- **Supplied material**
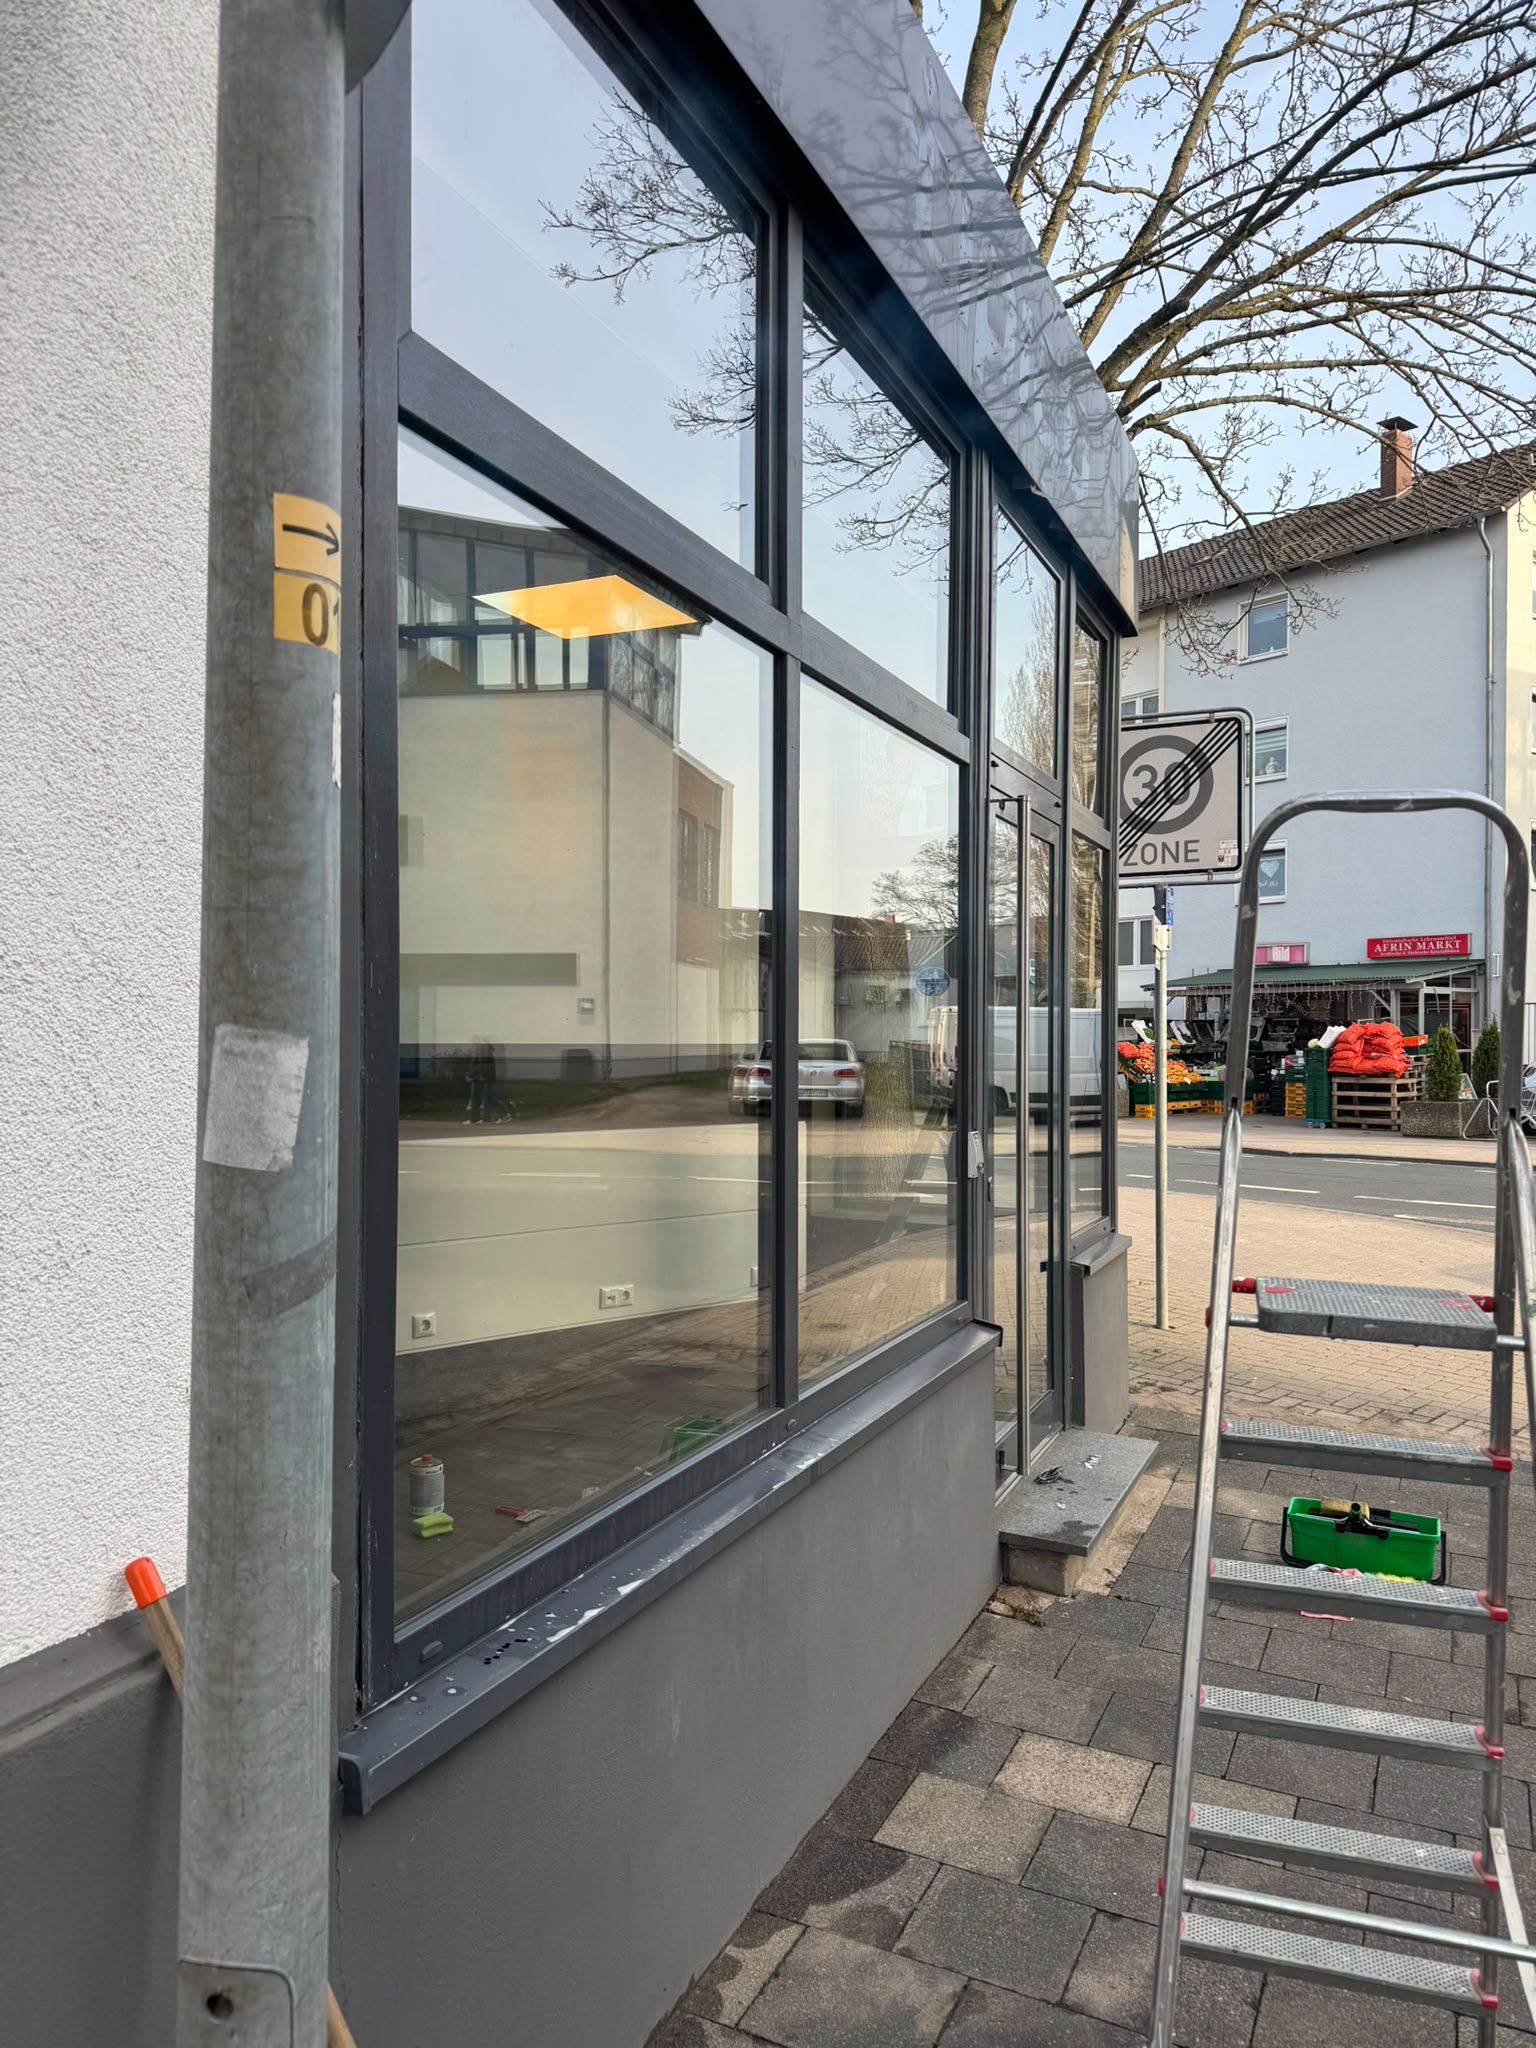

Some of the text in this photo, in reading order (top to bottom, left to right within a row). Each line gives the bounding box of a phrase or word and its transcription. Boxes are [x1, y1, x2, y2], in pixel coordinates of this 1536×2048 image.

[1132, 761, 1191, 809] 30
[1123, 839, 1200, 867] ZONE
[1272, 946, 1290, 961] Bild
[1374, 940, 1462, 952] AFRIN MARKT

- **Your assignment**
Everything in the material above is to be reproduced exactly, pictures aside.

- **Output for this task**
Some of the text in this photo, in reading order (top to bottom, left to right within a row). Each line gives the bounding box of a phrase or word and its transcription. Boxes are [x1, y1, x2, y2], in pixel coordinates of this 1536×2048 image.

[1132, 761, 1191, 809] 30
[1123, 839, 1200, 867] ZONE
[1272, 946, 1290, 961] Bild
[1374, 940, 1462, 952] AFRIN MARKT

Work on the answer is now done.